Stuff that isn't obviously torture if you're a US gov't official

Courtesy of the Ninth Circuit Court of Appeals, a list of "things that government officials could do to an American citizen and still claim later that they didn't know they were "torturing" that citizen."

Prolonged isolation;
Deprivation of light;
Exposure to prolonged periods of light and/or darkness;
Extreme variations in temperature;
Sleep adjustment;
Threats of severe physical abuse;
Death threats;
Administration of psychotropic drugs;
Shackling and manacling for hours at a time;
Use of "stress" positions;
Noxious fumes that caused pain to eyes and nose;
Withholding of any mattress, pillow, sheet or blanket;
Forced grooming;
Suspension of showers;
Removal of religious items;
Constant surveillance;
Incommunicado detention, including denial of all contact with family and legal counsel for a 21-month period;
Interference with religious observance; and
Denial of medical care for serious and potentially life-threatening ailments, including chest pain and difficulty breathing, as well as for treatment of the chronic, extreme pain caused by being forced to endure stress positions, resulting in severe and continuing mental and physical harm, pain, and profound disruption of the senses and personality.

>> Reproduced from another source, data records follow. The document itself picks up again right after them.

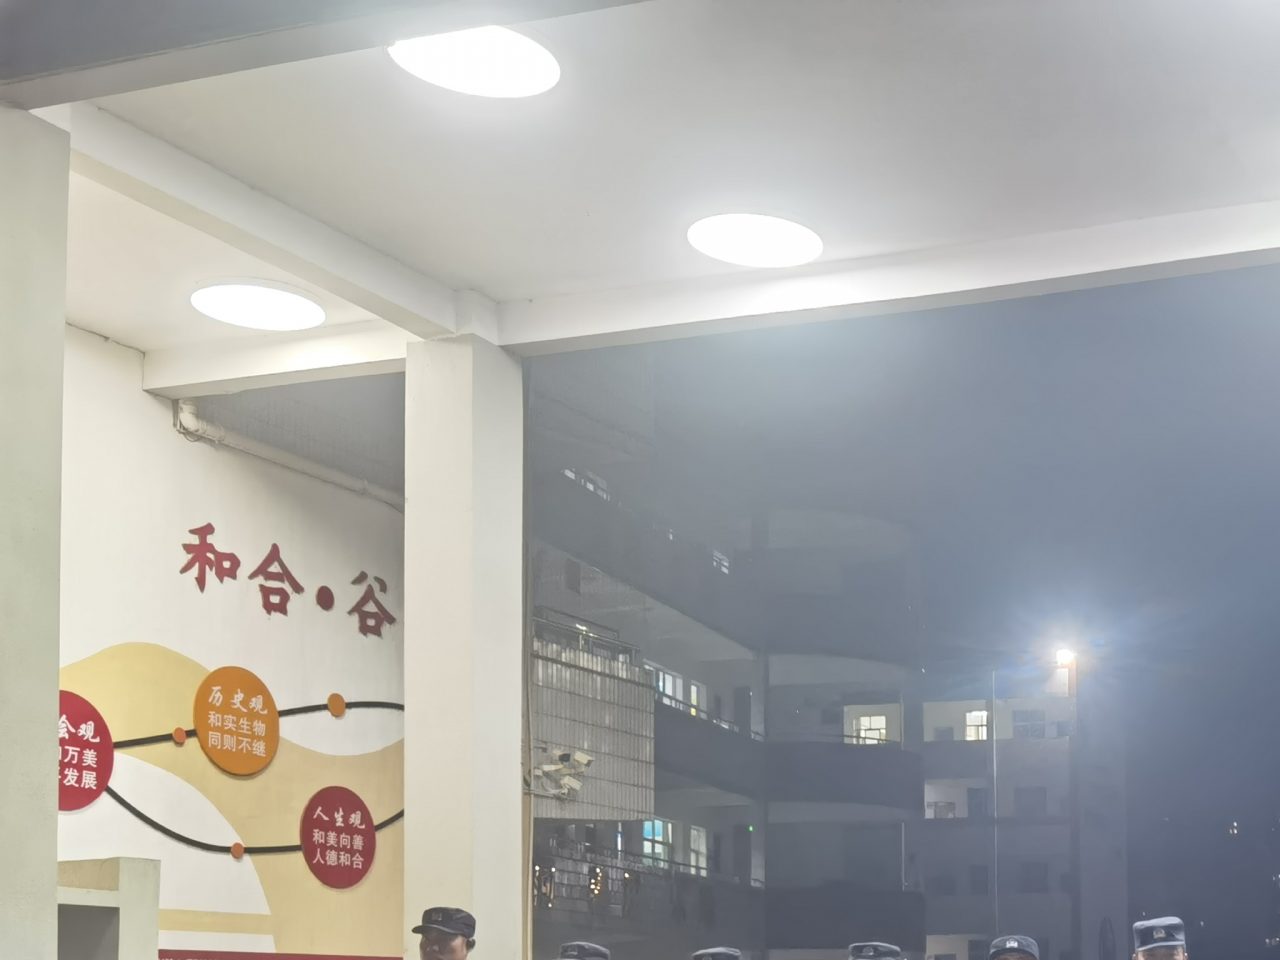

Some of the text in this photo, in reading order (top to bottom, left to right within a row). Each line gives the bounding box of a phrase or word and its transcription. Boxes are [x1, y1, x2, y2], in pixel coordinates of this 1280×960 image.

[208, 685, 268, 715] 历史观
[208, 711, 266, 737] 和实生物
[208, 731, 266, 757] 同则不继
[59, 766, 97, 790] 发展
[312, 806, 366, 830] 人生观
[312, 828, 364, 851] 和美向善
[312, 848, 364, 870] 人德和合
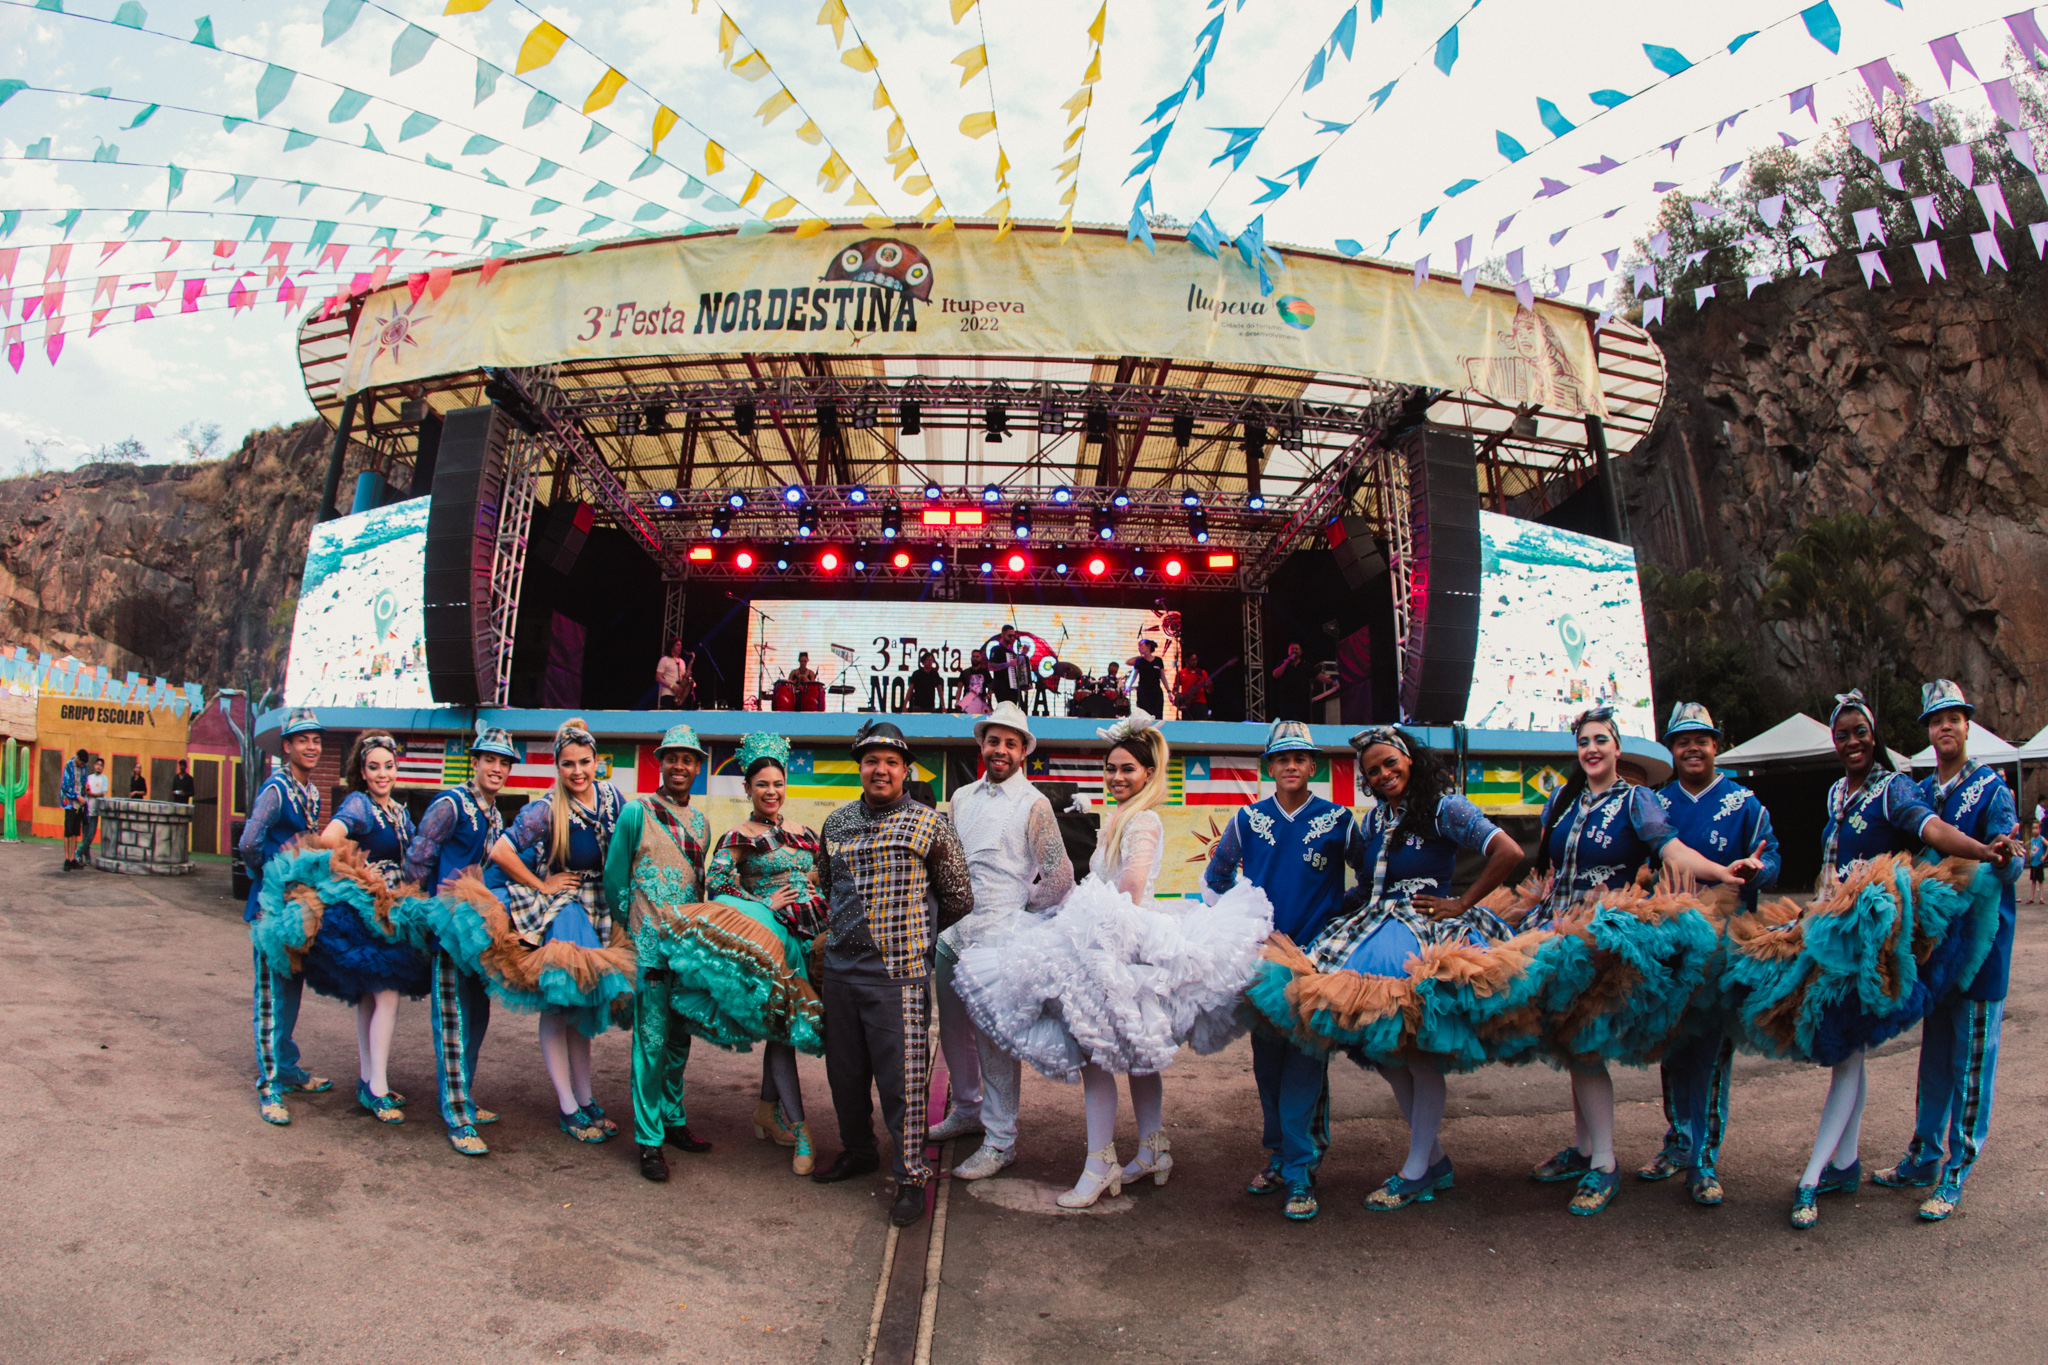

Lowering the Bar explains:

The legal issue was whether John Yoo should be entitled to "qualified immunity" in a case brought by Jose Padilla, a U.S. citizen detained as an "enemy combatant." "Qualified immunity" is a doctrine that bars claims against government officials if, at the time they acted, it was not "sufficiently clear that every reasonable official would have understood that what he or she was doing violated the plaintiff's rights." The idea is to try to preserve some freedom of action for officials who have to act in areas where the law may not always be clear. If it applies, no lawsuit.

So, next question: do you think a "reasonable official" in 2001-03, when John Yoo was in the government, should have understood that doing those things to an American citizen — one who, by the way, had not been convicted of or even charged with a crime — violated that citizen's rights?

Would the Last Civil Right in America Please Remember to Close the Door on Its Way Out?